Si avvicina e mi prende il viso tra le mani, con fare confidenziale. Non c'è stato ancora niente tra noi e ci abbiamo messo tanto per arrivare anche ad un grado di intimità così blando. Lo lascio fare, mi lascio consolare da lui. Qualcuno dovrà raccogliere i pezzi di me che Arthur ogni volta scompone, no?
<<E' stata una giornata un po' pesante.>>
Ma lui capisce perfettamente.
<<E' tutto un gioco per lui, il suo matrimonio, io, tu...>>
<<L'ho fatto innervosire.>>
<<No, non scusarlo. Non ne sei responsabile tu. Arthur non è in grado di prendersi le sue responsabilità. Lo sa tutto l'ufficio di lui e Erin, quella stupida se ne è vantata. Continua a starti addosso perché tu non sei come le altre, perché a modo tuo gli tieni testa.>>
<<Non direi.>>
Posa la tazzina dell'espresso e mi scruta.
<<E' successo qualcosa tra di voi, recentemente?>>
<<No.>>
Mento, egoisticamente voglio che lui continui a prendersi cura di me.
<<Sto andando a casa.>>
<<Ti accompagno io, ho dei bonus uscita.>>
Lascio che la sua mano mi sia tra le scapole, che mi spinga fuori da lì. La mia card non fa le bizze stavolta. In macchina la sua mano ritrova il suo spazio sulle mie gambe. Il modo di fare di Arthur mi ha lasciata imbambolata, reagisco poco agli stimoli esterni. Gli dico della cena a casa di Glenn e accetta volentieri di venire con me. Mi chiede se voglio che salga, una volta arrivati al mio appartamento, ma io rifiuto. Ho bisogno di stare da sola, una doccia calda aiuterà, magari sarà una panacea anche per il mio stomaco sottosopra. Deve essere lo stress. Gli occhi scuri di Sebastian sono sui miei, inoffensivi. Mi allungo e gli do un bacio sulle labbra, un bacio casto che rompe anche un'altra barriera nella nostra piccola corsa all'intimità. Non mi sconvolge stavolta l'assenza di quel pizzico nella pancia, il sangue che non scorre più veloce e quella leggera sensazione di leggerezza, che in genere si ha con l'alcol. No, stavolta accolgo tutto questo come una benedizione.
Olly è in casa e sta ascoltando della musica terribile. Faccio finta di tapparmi le orecchie con entrambe le mani. Lei abbassa col piccolo telecomando che ha in mano e mi viene incontro, leggo la preoccupazione, prima di tutto.
<<Come mai sei già qui?>>
Mi guardo intorno in cerca di ispirazione ma scoppio a piangere.
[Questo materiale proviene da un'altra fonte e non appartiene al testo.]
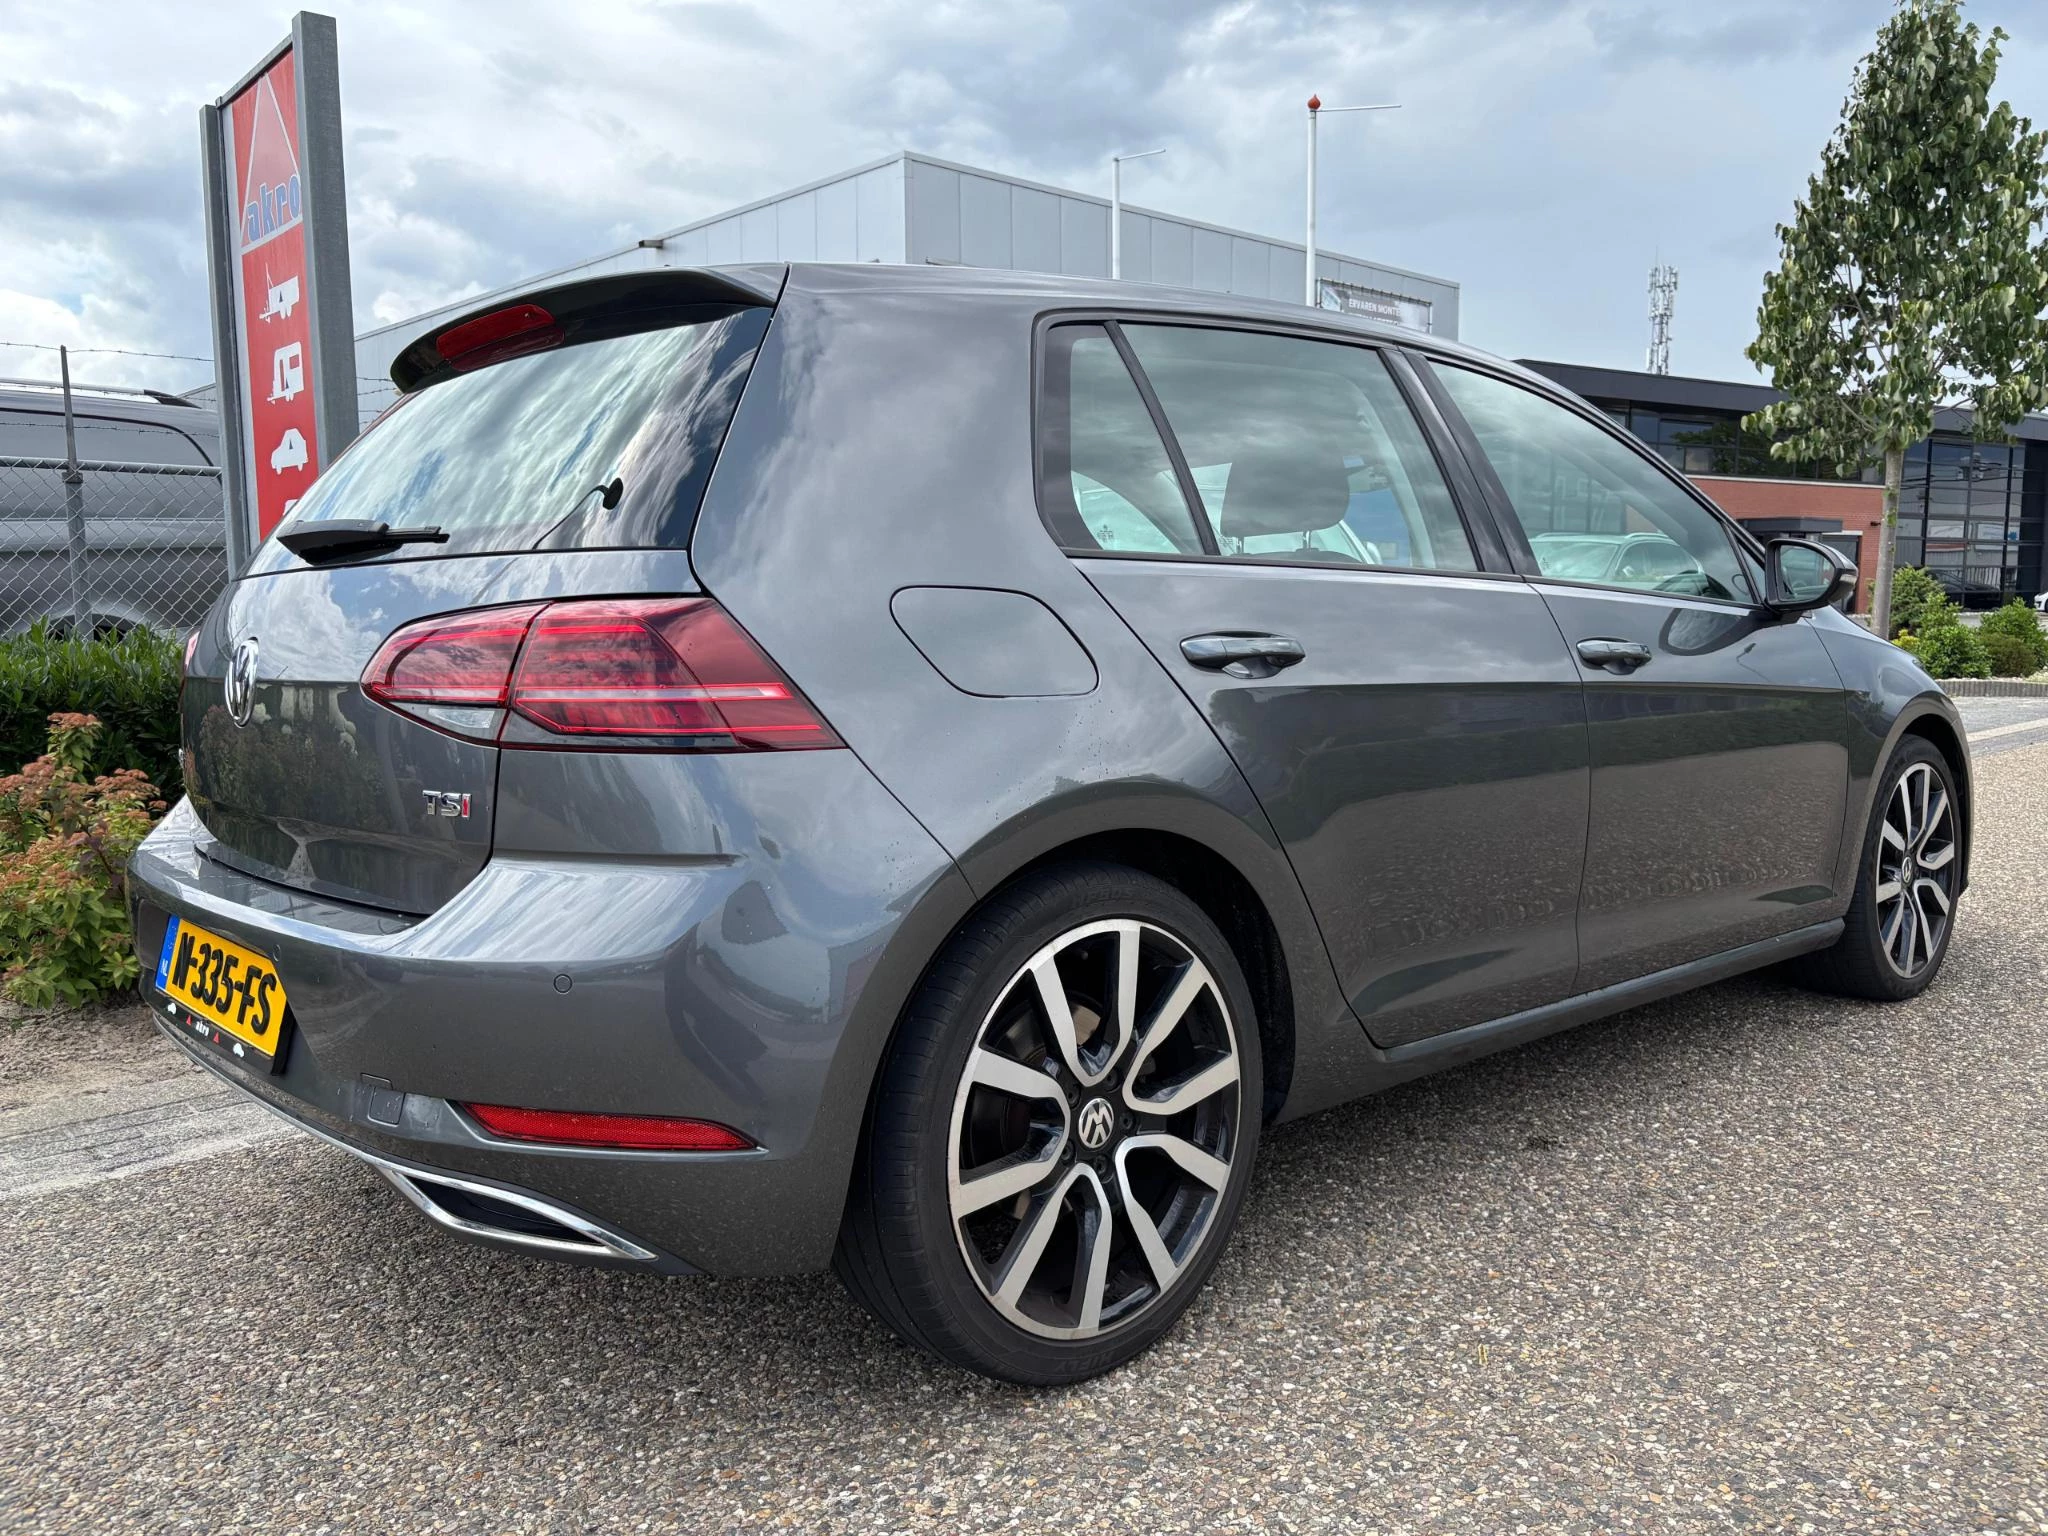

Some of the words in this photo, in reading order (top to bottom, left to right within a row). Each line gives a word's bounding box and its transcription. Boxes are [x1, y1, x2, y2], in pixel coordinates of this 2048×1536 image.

[246, 174, 301, 241] akro
[421, 790, 472, 818] TSI
[171, 932, 277, 1035] N-335-FS
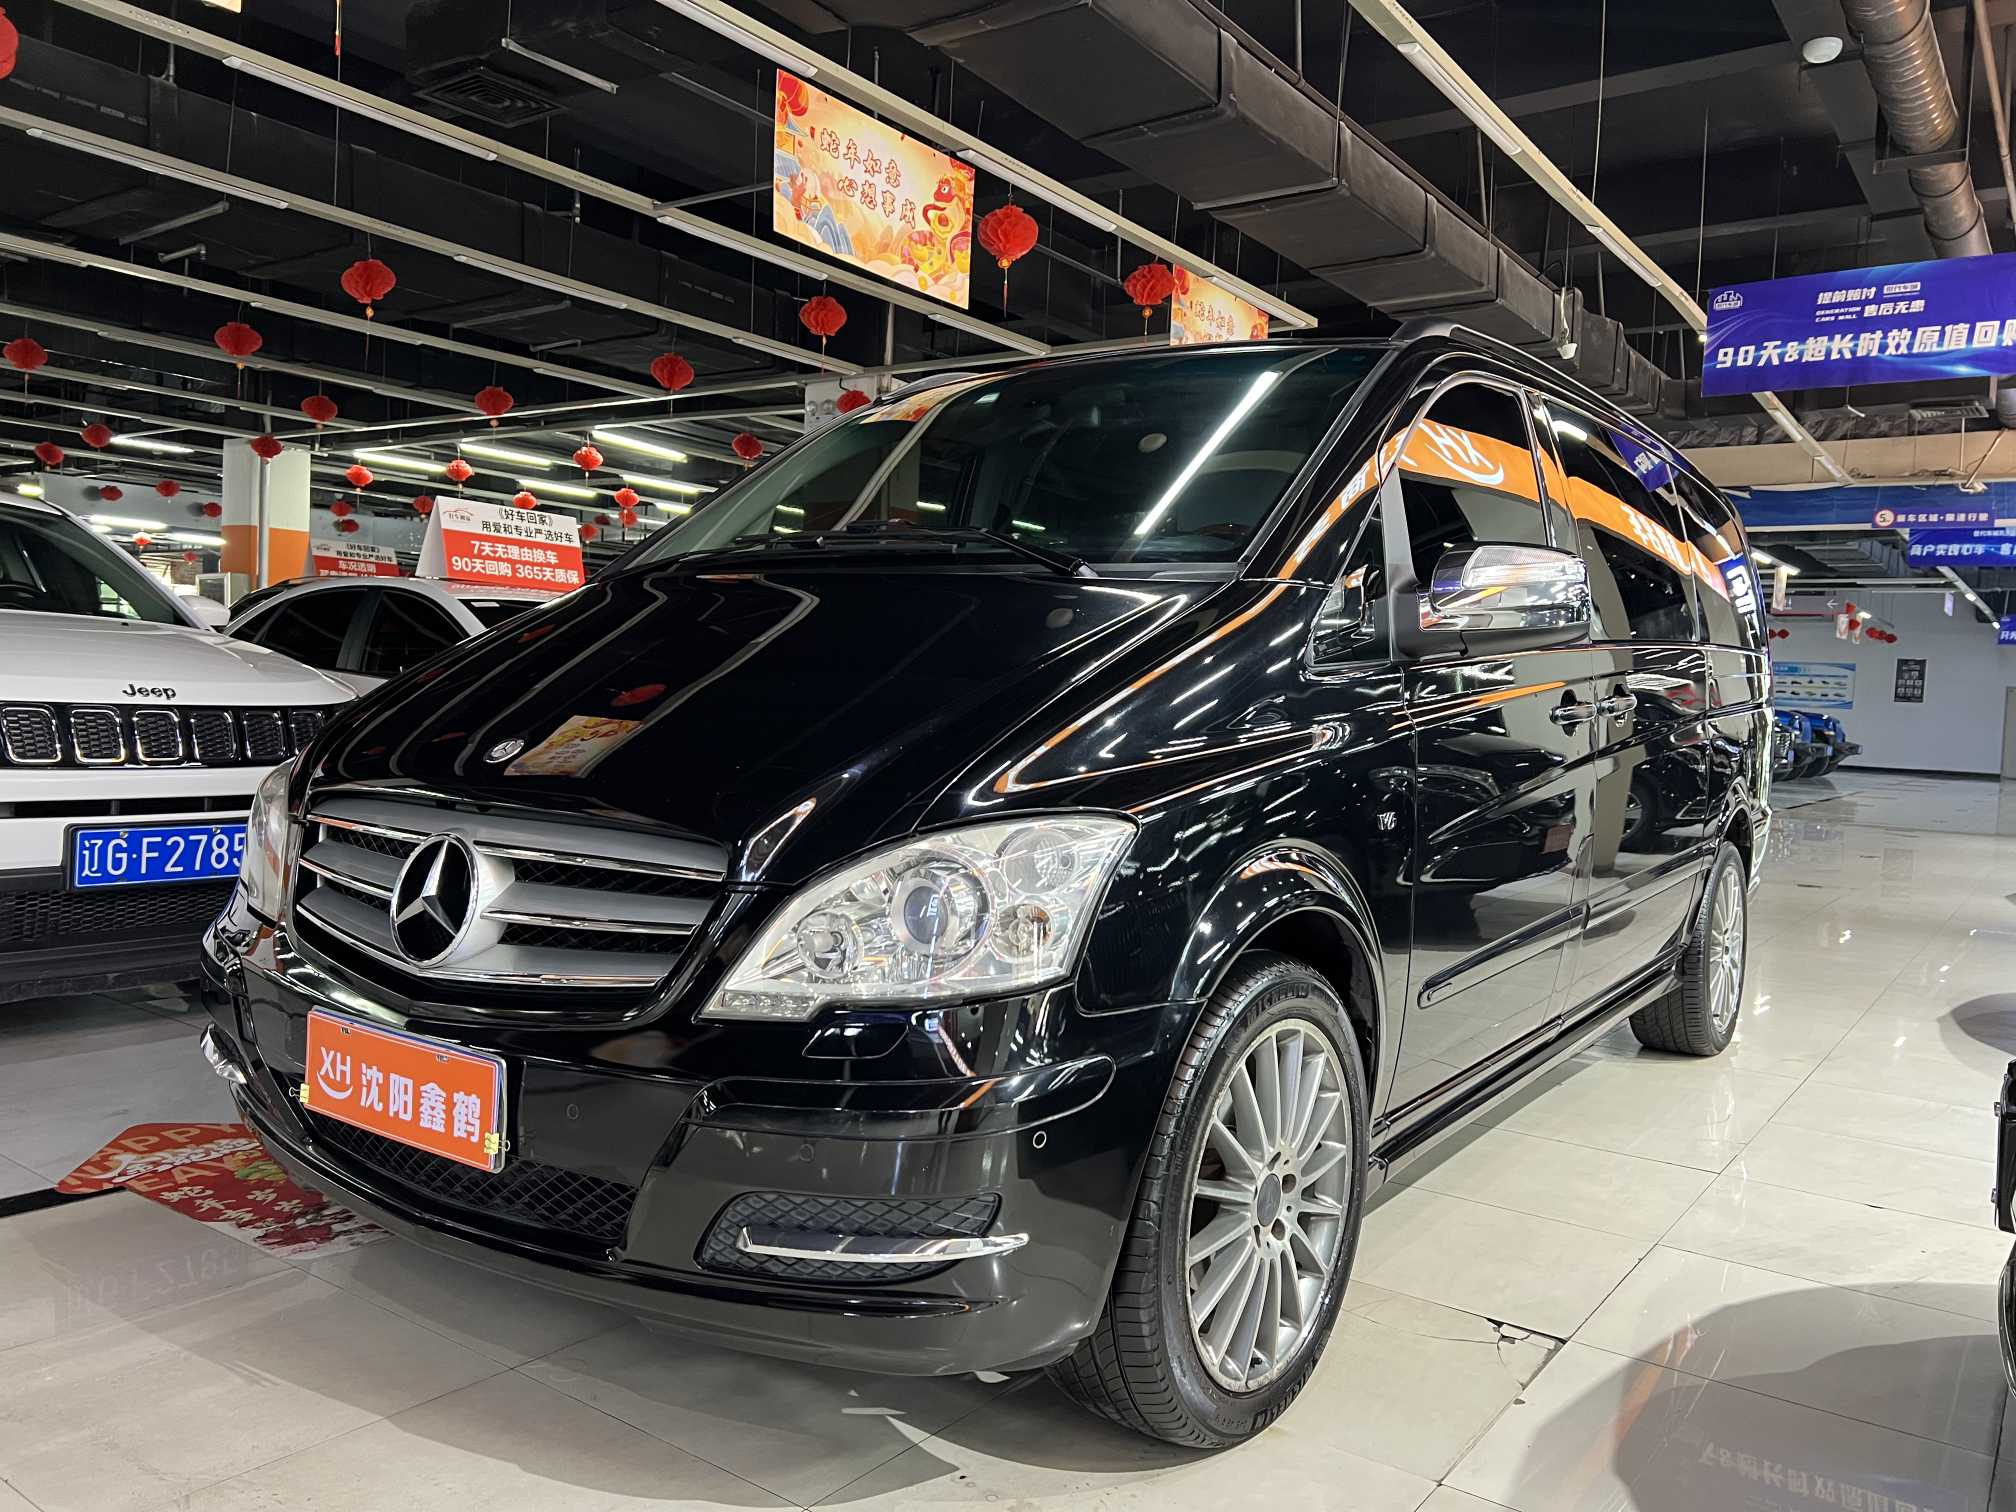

Le racconto tutto e come ciliegina sulla torta alla fine corro in bagno a vomitare. Olly si appoggia sullo stipite della porta del bagno. Vedo che più che altro che si sorregge.
<<Tess?>>
Mi porge l'asciugamano pulito mentre sciacquo il viso e i denti.
<<Tess?>>
Ripete.
La guardo, anche io ho paura. Ma diavolo, quante possibilità ci sono?
<<Ti prego Tess, sei stata attenta con Arthur, vero?>>
<<E' solo un po' di stress, Olly. Solo questo.>>
Il fatto che non abbia risposto è già abbastanza eloquente.
<<Cazzo, Tess! Cazzo!>>
<<Mi dispiace.>>
Olly si avvicina e mi abbraccia, mi culla anche.
<<Sarà un'influenza intestinale, solo questo. So che sta girando in questo periodo, ce l'ha anche uno del giornale. >>
Mi dice speranzosa. Non dico niente e lascio che per oggi le bugie e le cose taciute mi girino intorno senza sfiorarmi.